In summary, while synchronous blocking communication is simple and provides immediate feedback, it can suffer from performance issues, increased latency, tight coupling, and susceptibility to cascading failures. Careful consideration should be given to its use, especially in high-concurrency, distributed systems where scalability and resilience are paramount.


Example: HTTP Request-Response

  • Service A needs to retrieve user information from Service B.
  • Service A sends an HTTP request to Service B.
  • Service A's thread is blocked until it receives a response from Service B.
  • Service B processes the request and sends back a response.
  • Service A receives the response and continues its execution based on the result.


Asynchronous non-blocking

Asynchronous non-blocking communication in microservices involves sending a request from one service to another without waiting for an immediate response. Instead, the sender continues its execution, and the response, when available, is processed separately. Here's an explanation of this communication style along with its pros and cons:

Explanation:

In asynchronous non-blocking communication, when Service A needs to communicate with Service B, it sends a request to Service B and continues its execution without waiting for a response. Service B processes the request independently and sends back a response when it's ready. Meanwhile, Service A can continue executing other tasks or handle additional requests. Service A may later receive the response through callback mechanisms, polling, or message queues, depending on the implementation.

Pros:

  1. Scalability: Asynchronous non-blocking communication allows services to handle numerous concurrent requests without tying up resources. Since services don't wait for responses, they can process requests in parallel, leading to better scalability and resource utilization.
  2. Reduced Latency: By not waiting for immediate responses, asynchronous communication can reduce latency, especially in distributed systems where network delays are common. Services can continue their execution while waiting for responses asynchronously, leading to faster overall response times.
  3. Loose Coupling: Asynchronous communication promotes loose coupling between services, since callers don't need to wait for immediate responses or have direct dependencies on the callee's availability. Services can operate independently, making the system more resilient to changes and failures.
  4. Improved Resilience: Since services are not blocked waiting for responses, they can handle failures and timeouts more gracefully. Asynchronous communication allows for better error handling and retry strategies, reducing the likelihood of cascading failures in the system.

Cons:

  1. Complexity: Asynchronous communication adds complexity to the system, as developers need to manage asynchronous workflows, handle message ordering, and ensure eventual consistency. Implementing and debugging asynchronous systems can be more challenging compared to synchronous systems.
  2. Eventual Consistency: Asynchronous communication may lead to eventual consistency issues, where different parts of the system may have different views of the data at any given time. Developers need to carefully design data synchronization mechanisms to ensure consistency across services.
  3. Message Processing Overhead: Handling asynchronous messages often incurs overhead for message queuing, serialization, deserialisation, and message processing. This overhead can impact system performance and increase latency, particularly in high-throughput scenarios.
  4. Complex Error Handling: Error handling in asynchronous communication can be more complex compared to synchronous communication. Services need to implement robust error handling mechanisms, including retries, dead-letter queues, and error logging, to ensure message delivery and reliability.
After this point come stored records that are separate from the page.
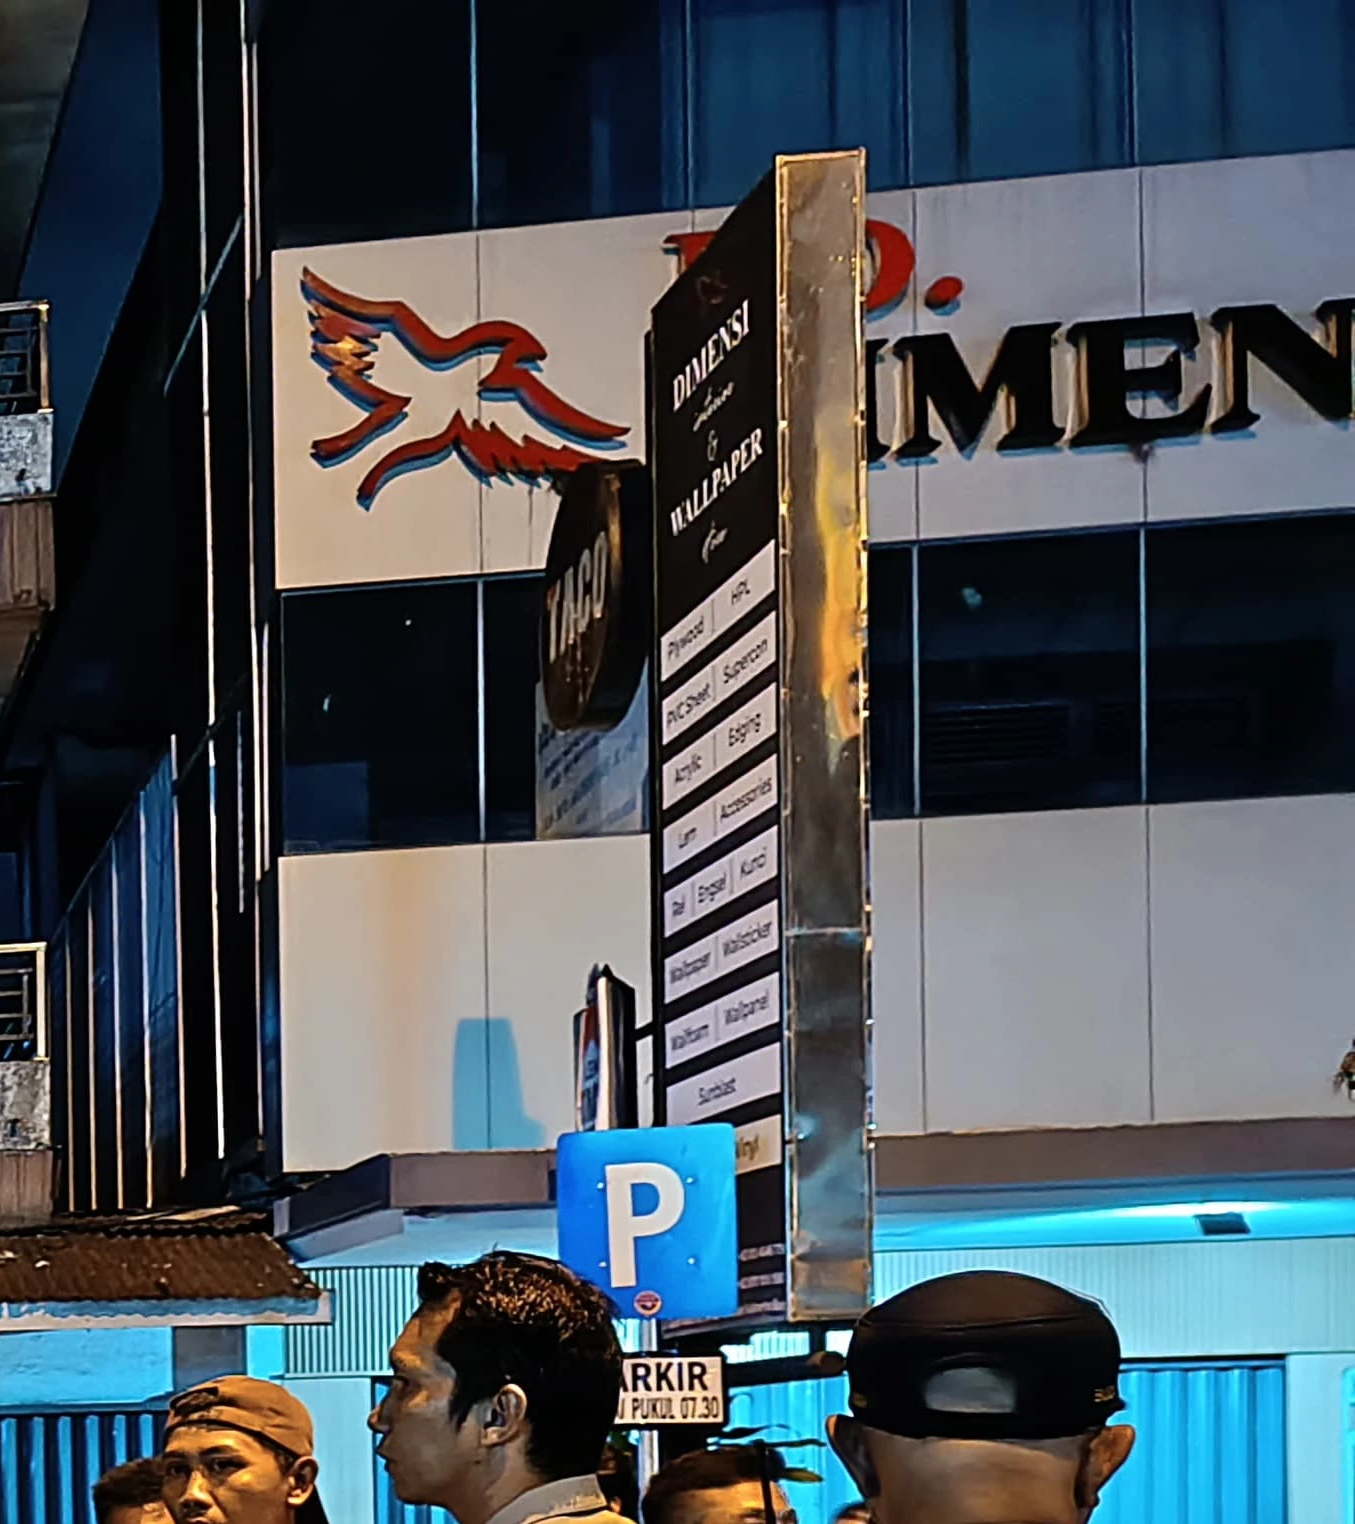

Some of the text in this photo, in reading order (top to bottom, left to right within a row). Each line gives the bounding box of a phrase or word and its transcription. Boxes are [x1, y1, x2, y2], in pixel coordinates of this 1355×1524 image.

[672, 298, 750, 412] DIMENSI
[670, 427, 763, 537] WALLPAPER
[547, 531, 608, 664] TACO
[731, 577, 752, 605] HPL
[667, 616, 705, 660] Plywood
[723, 638, 768, 684] Supercon
[728, 712, 762, 748] Edging
[720, 776, 773, 820] Accessories
[604, 1161, 685, 1288] P
[631, 1397, 675, 1420] PUKUL
[680, 1396, 719, 1420] 07.30
In summary, while asynchronous non-blocking communication offers scalability, reduced latency, loose coupling, and improved resilience, it also introduces complexity, eventual consistency challenges, message processing overhead, and complex error handling. Organizations should carefully evaluate their requirements and trade-offs when choosing between synchronous and asynchronous communication styles in microservices architectures.


Example: Publishing and consuming messages from a message queue

  • Service A needs to notify Service B about a new order creation.
  • Service A publishes an event/message about the new order to a message queue.
  • Service B consumes messages from the message queue asynchronously.
  • Service B processes the message about the new order independently, without blocking.
  • Service A continues its execution without waiting for Service B's processing.


Request-response

Request-response is a common communication style in microservices where one service (the client) sends a request to another service (the server), and the server responds to the request. Here's an explanation of this communication style along with its pros and cons:

Explanation:

In the request-response communication style:

  1. Client Initiates Request: The client service initiates the communication by sending a request to the server service. The request typically includes information or data required by the server to perform the requested operation.
  2. Server Processes Request: Upon receiving the request, the server processes it, performs the necessary operations, and generates a response based on the request's content and context.
  3. Response Sent to Client: Once the server completes processing, it sends a response back to the client. The response contains the result of the operation, along with any relevant data or metadata.
  4. Client Handles Response: Finally, the client receives the response and handles it accordingly. This may involve processing the result, performing additional actions based on the response, or propagating the response to other components or services.

Pros:

  1. Simplicity: Request-response communication is straightforward to understand and implement, making it a popular choice for microservices communication. Developers are familiar with request-response patterns, which simplifies development and maintenance.
  2. Immediate Feedback: With request-response communication, the client receives immediate feedback from the server in the form of a response. This allows for synchronous interaction, making it easier to handle errors, exceptions, and success scenarios in real-time.
  3. Predictable Flow: The request-response model follows a predictable flow of control, where the client waits for the server's response before proceeding. This sequential nature simplifies logic and ensures that operations are executed in a known order.
  4. Compatibility: Request-response communication is compatible with various protocols and technologies, including HTTP, RPC (Remote Procedure Call), and messaging systems. This flexibility allows for interoperability between services implemented using different technologies.

Cons:

  1. Blocking Behavior: One of the main drawbacks of request-response communication is its blocking nature. While waiting for the server's response, the client's thread is typically blocked, which can lead to resource wastage and decreased system performance, especially in high-concurrency scenarios.
  2. Latency: Request-response communication can introduce latency, particularly in distributed systems where services may reside on different machines or networks. Network delays, service processing times, and communication overhead can all contribute to increased latency.
  3. Tight Coupling: Request-response communication can result in tight coupling between services, as the client needs to know the exact location and interface of the server. Any changes to the server's API may require corresponding changes to the client, making the system less flexible and more prone to breaking changes.
  4. Scalability Challenges: The synchronous nature of request-response communication can pose scalability challenges, as it may limit the system's ability to handle a large number of concurrent requests. Scaling becomes more complex, requiring techniques such as load balancing and horizontal scaling to distribute the workload effectively.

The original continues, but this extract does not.